In a study published July 8 in Science, researchers at UC Santa Cruz created a model that helps predict this process. It provides broad context to how rivers and faults interact to shape the nearby topography.
The group originally planned to use the San Andreas fault in the Carrizo Plain of California to study how fault movement shapes the landscapes near rivers. But after spending hours poring over aerial imagery and remote topographic data, their understanding of how the terrain evolves began to change. They realized that rivers play a more active role in shaping the area than once thought.
“The rivers are their own little beasts, and they interact in really interesting ways with the kinematics and the motion along these faults,” said Kelian Dascher-Cousineau, seismology Ph.D. student at UC Santa Cruz and lead author on the study.
As the offset of a fault grows, it elongates river channels and slows the flow of water. With lower speeds, the river carries less sediment. The material builds up and eventually chokes the path, forcing the water to change course in a process known as avulsion.
This diversion happens rapidly, and the unexpected flooding can easily become destructive for nearby communities.
Over the last few years, geomorphologists have gained a clearer idea of how these avulsions happen in different types of rivers. But identifying long-term patterns in the way that rivers respond to fault movement still proves challenging.
“You can’t really observe channels for thousands of years at a time,” said Dascher-Cousineau. To make up for that inability, the researchers used the well-studied past of the San Andreas Fault at the Carrizo Plain to test their model.
“We have a history that we actually know really well from the earthquakes, and we can use that as a natural experiment to see what the channels are doing over these geomorphologically relevant timescales,” said Dascher-Cousineau.
The group closely examined images and maps of the Carrizo Plain and began testing complex models of river flow and sediment transport. They slowly removed variables, eventually identifying the most important elements in the system. The resulting model introduces a new framework for thinking about how rivers and active fault-lines interact.
“Most seismologists typically have a view that the surface of the Earth is a passive thing that just responds to the faulting,” said Noah Finnegan, professor of Earth and planetary sciences at UC Santa Cruz and co-author on the study.
“This paper embraced the fact that rivers are constantly changing and was able to show that the coevolution of the fault-offset and the river provides us with information that we weren't able to get previously,” he said. “You get a richer understanding of how the system works by recognizing that there’s an interesting coupling going on there.”
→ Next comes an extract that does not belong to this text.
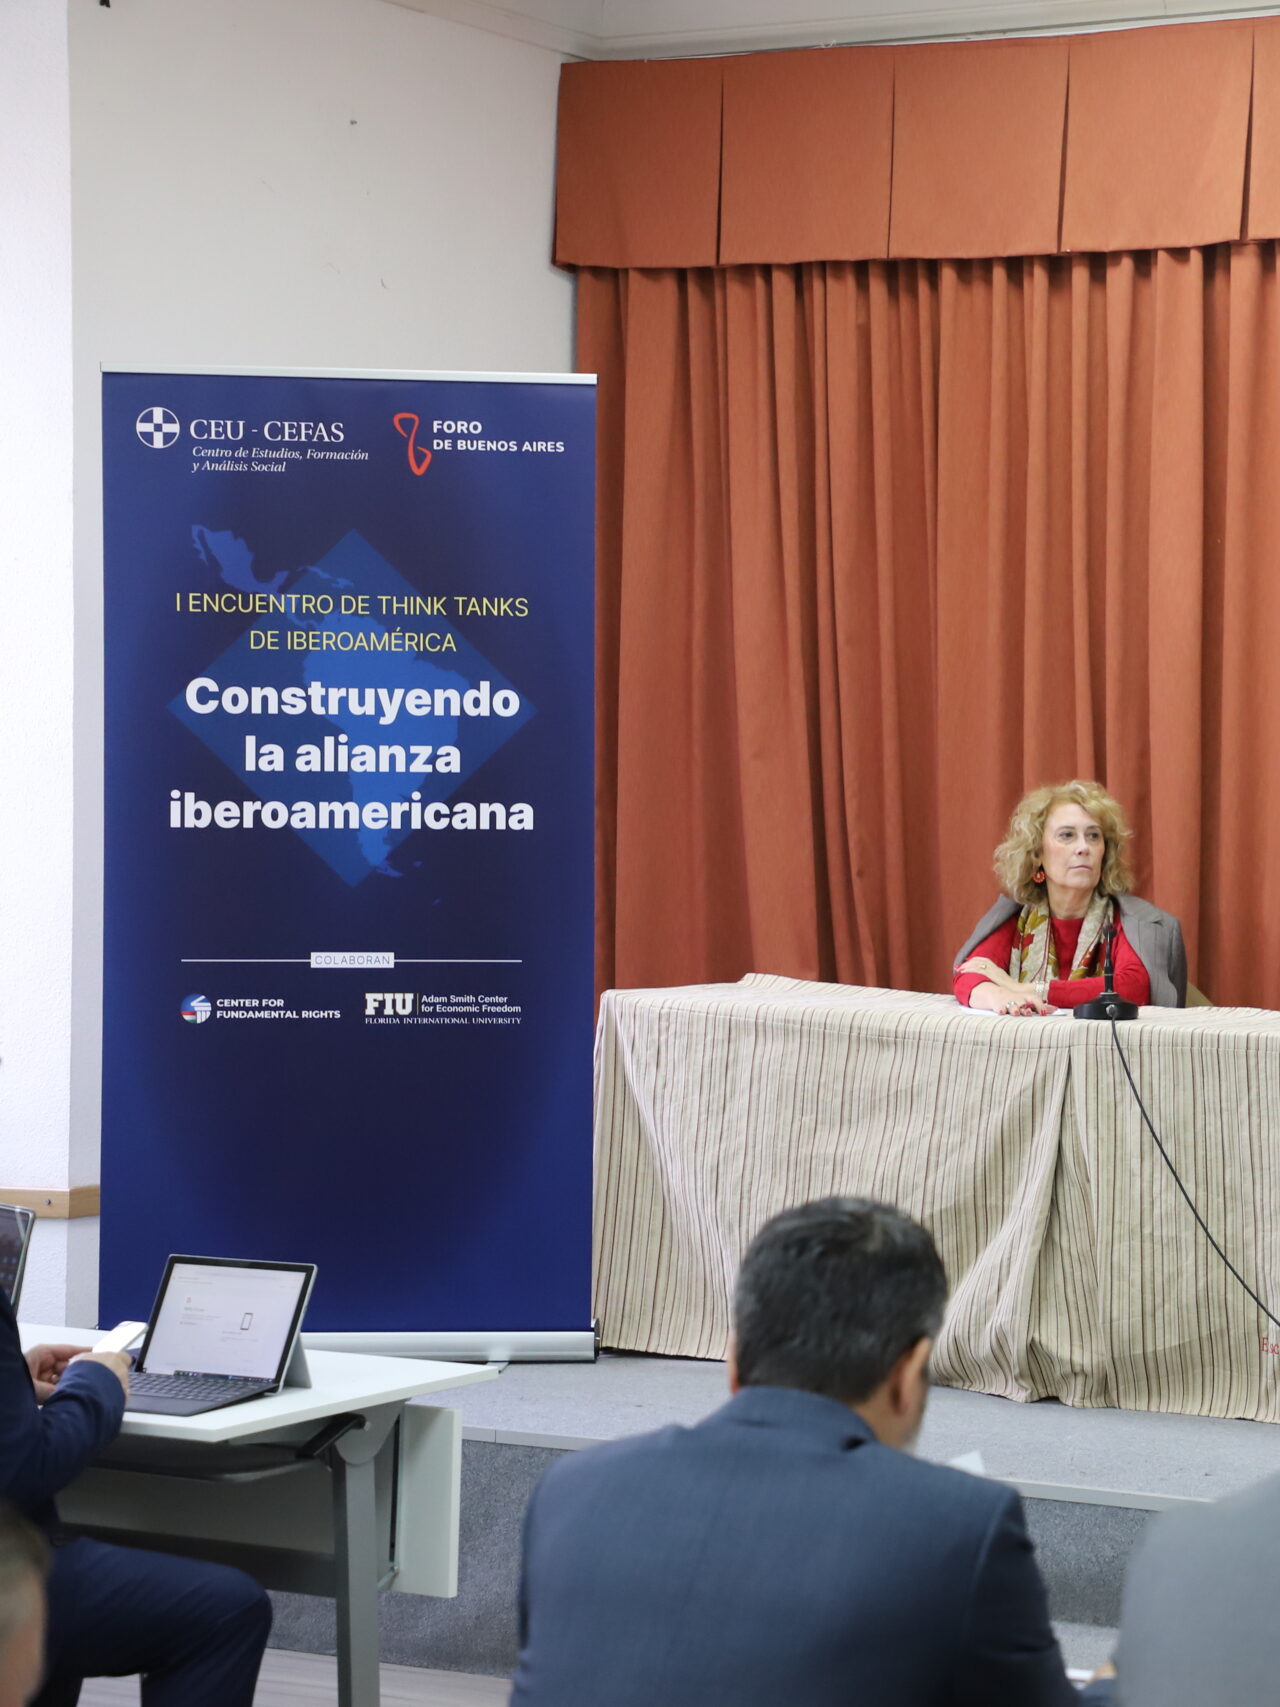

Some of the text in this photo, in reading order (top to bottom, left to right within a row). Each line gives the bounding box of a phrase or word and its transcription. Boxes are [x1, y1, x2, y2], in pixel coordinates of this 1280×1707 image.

In addition to predicting when fault-crossing rivers will abandon their original channels, the model can also help scientists estimate how quickly the sides of a fault are moving past one another—an important question to many seismologists that can be difficult to measure accurately.
“If you know something about how the river works, you can get quantitative constraints on the rate of slip on the fault, which is something that is a common goal of studies of faults,” said Finnegan. “Alternatively, if you know something about the rate at which the fault is slipping, you can learn something about how efficient the river is at moving sediment, which is a basic question in almost every study of rivers and is almost impossible to know in a really accurate way.”
Although it addresses complex questions, the model itself is surprisingly straightforward.
“Like with a lot of discoveries, once you see it in the right way, there's incredible simplicity,” said Finnegan. “I’ll never look at these landscapes in the same way again.”
The group created the model while working entirely virtually—a challenge that Finnegan said inspired creativity.
“We were forced to look at remote topographic data and aerial imagery that made us think in a more synoptic way about this,” he said.
How the model will fit different regions and the fault at a larger scale remains to be seen.
“We’ve outlined the set of physics that should operate in one range of conditions,” said Dascher-Cousineau. Next, they will turn their focus to new types of topography.
Emily Brodsky, professor of Earth and planetary sciences at UCSC, is also a coauthor of the paper, in addition to Dascher-Cousineau and Finnegan. This research was supported by the NASA FINESST fellowship and the Southern California Earthquake Center.